The Supreme Court of the United States heard arguments in what is being called a major Second Amendment case on Wednesday over whether gun restrictions will be loosened across the nation.
According to a report in Law and Crime the court eventually boiled the issue down to whether New Yorkers should be allowed to carry firearms on the subway in the Big Apple, and Justice Samuel Alito confirmed that he believed the answer was, yes.
“All these people with illegal guns: They’re on the subway, walking around the streets, but ordinary, hard-working, law-abiding people, no,” Alito told the Empire State’s solicitor general Barbara Underwood. “They can’t be armed.”
The case, New York State Rifle & Pistol Association v. Bruen, takes up the issue of two men being denied a concealed carry license by the state of New York under an old law that allows denial to anyone “of good moral character” who “lacks a history of crime or mental illness,” or in any other situation in which “good cause exists for the denial of the license.”

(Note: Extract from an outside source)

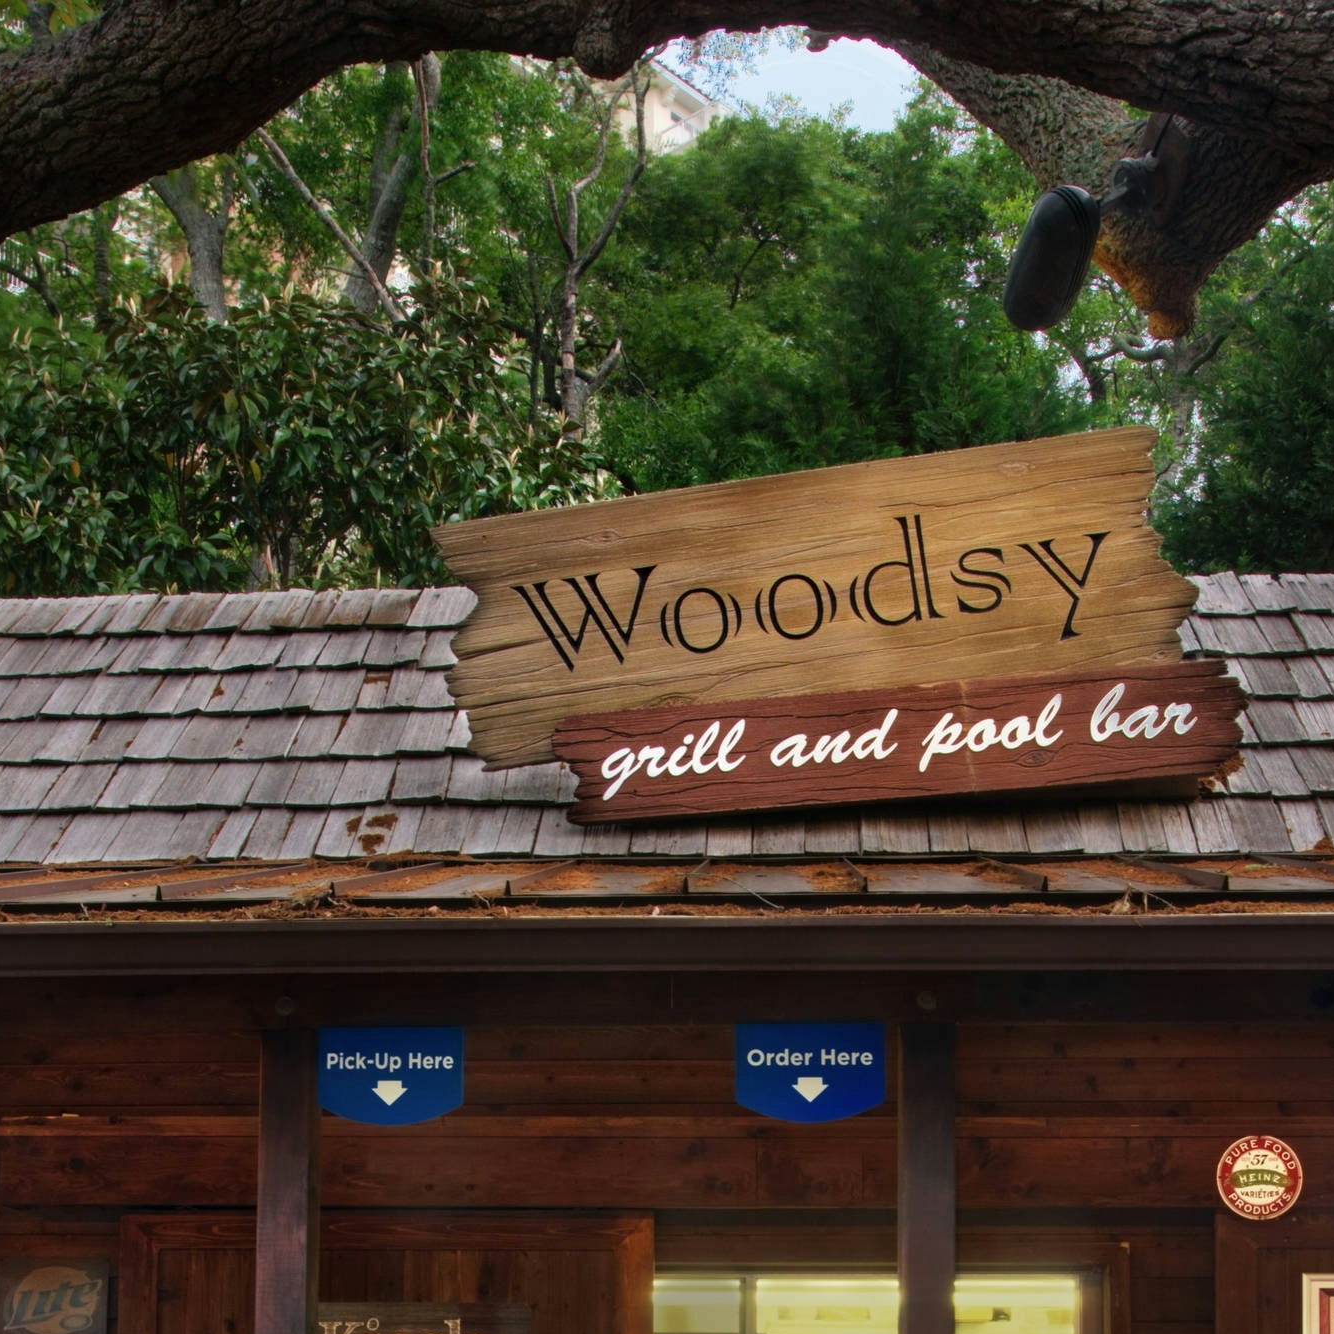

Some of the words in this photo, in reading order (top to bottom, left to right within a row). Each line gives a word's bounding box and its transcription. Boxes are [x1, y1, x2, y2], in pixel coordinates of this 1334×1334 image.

Denials like this have caused a challenge to New York’s notoriously strenuous gun control laws under the Second Amendment which clearly guarantees citizens the right to both “keep” firearms at home and the right to “bear” (or carry) arms outside their home.
Discussions about actual application of more guns out in real life in New York City with the justices taking expected sides, including debate about how much weight history should have on their decisions, and what the impact would be on places such as New York University:
Justice Kagan asked how this policy could be applied to places like the NYU Campus that are “open for anybody to walk around,” to which petitioner’s attorney, Paul Clement responded, “Well, NYU doesn’t have much of a campus” which was met with “guffaws from the bench,” according to L&C.
The exchange continued with several hypothetical situations when Justice Alito, a native of New Jersey, put in his defense on behalf of all the law-abiding working New Yorkers who often need to be able to defend themselves when working late at night:
“There are a lot of people armed late at night on the streets of New York and on the subways late at night right now, aren’t there?” Alito pressed. “I don’t know that there are a lot of armed people there right now, ” answered Empire State’s solicitor general Barbara Underwood.
“No?” interrupted Alito with seeming disbelief, before continuing, “how many illegal guns were seized by the New York Police Department last year?” To which Underwood responded that “It’s a substantial number.”